To further investigate the mechanism of hydrothermal dissolved Fe stabilization, we measured the size partitioning of dFe between soluble Fe (sFe, <0.02 µm) and colloidal Fe phases (0.02 µm < cFe < 0.4 µm; cFe = dFe − sFe). sFe is typically considered to be truly dissolved, whereas cFe is composed of particles so small that they remain suspended in solution and are circulated and collected along with the dissolved Fe pool; both inorganic and organically bound dFe can be present in both size fractions. The size partitioning results shown in Fig. 5 suggest that when hydrothermally derived dFe is high (Station 7), colloidal Fe is the dominant dFe fraction (cFe composes 76% of dFe), whereas a more diluted/scavenged dFe signal (Stations 19 and 4) has a more soluble Fe-rich dFe pool (50% soluble, 50% colloidal Fe). Thus, assuming a similarly partitioned Fe source among the three stations studied here, colloidal Fe appears to compose most of the dFe near the vent site (Station 7) and is transformed into a soluble Fe maximum (Station 4) as the dFe is scavenged away farther from the vents. These observations are consistent with the two published near-field Fe size partitioning studies, both of which demonstrated that near the site of hydrothermal venting colloidal Fe is the primary dFe phase (42, 47).
Fig. 5.
The size partitioning of dFe into soluble and colloidal phases demonstrates continued Fe transformations at great distance from vents. Dissolved Fe (closed circles, solid line; dFe < 0.4 µm) is partitioned into soluble Fe (open circles, dashed line, light purple shading; sFe < 0.02 µm or 10 kDa) and colloidal Fe (cFe, the difference between the two lines in dark purple shading) fractions at (A) Station 19 in the southwest Pacific, (B) Station 7 in the southeast Pacific, and (C) Station 4 in the southeast Pacific. SDs are typically the size of the symbol and are thus not shown.

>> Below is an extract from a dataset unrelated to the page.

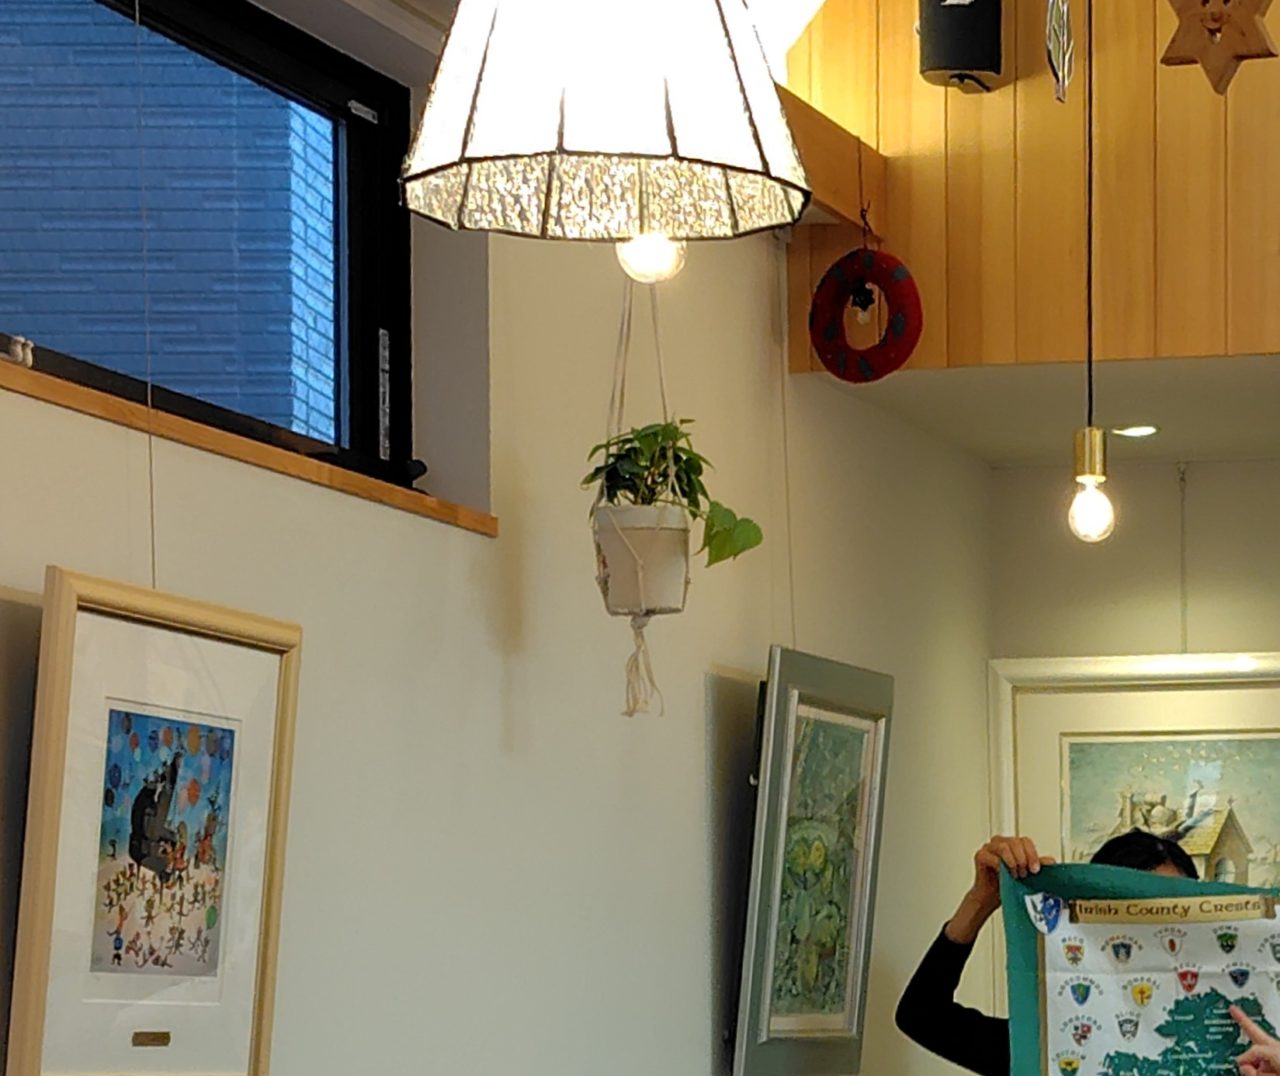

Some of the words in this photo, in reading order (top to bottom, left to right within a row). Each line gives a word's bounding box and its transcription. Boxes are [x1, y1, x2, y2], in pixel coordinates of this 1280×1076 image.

In the southeast Pacific, not only does percentage soluble Fe (sFe/dFe) increase with distance from the vents, but the absolute sFe concentration also increases with distance from the vent, rising from 0.35 nmol/kg at Melville BiG RAPA Station 7 to a sFe maximum of 0.51 nmol/kg at Station 4. This Station 4 sFe concentration and the 0.44 nmol/kg sFe at Station 19 are well above background abyssal sFe concentrations in the Pacific of 0.2–0.3 nmol/kg (48) and must have been transferred from the particulate (pFe) or colloidal fraction. This downstream sFe amplification leads us to conclude that interphase Fe transformations not only occur at the local site of hydrothermal venting but must continue hundreds to thousands of kilometers from the vent source. The nature of these pFe, sFe, and cFe transformations are unknown, but potential mechanisms that could explain the observed pattern include the chelation of Fe in inorganic colloids by truly soluble organic compounds over time/distance and/or the exchange between soluble and colloidal organically bound Fe complexes. These data support the recent theory that exchange processes between sFe and cFe commonly transform marine dFe toward a 50–50% sFe–cFe partitioning, provided sufficient time and an absence of external dFe sources (49, 50).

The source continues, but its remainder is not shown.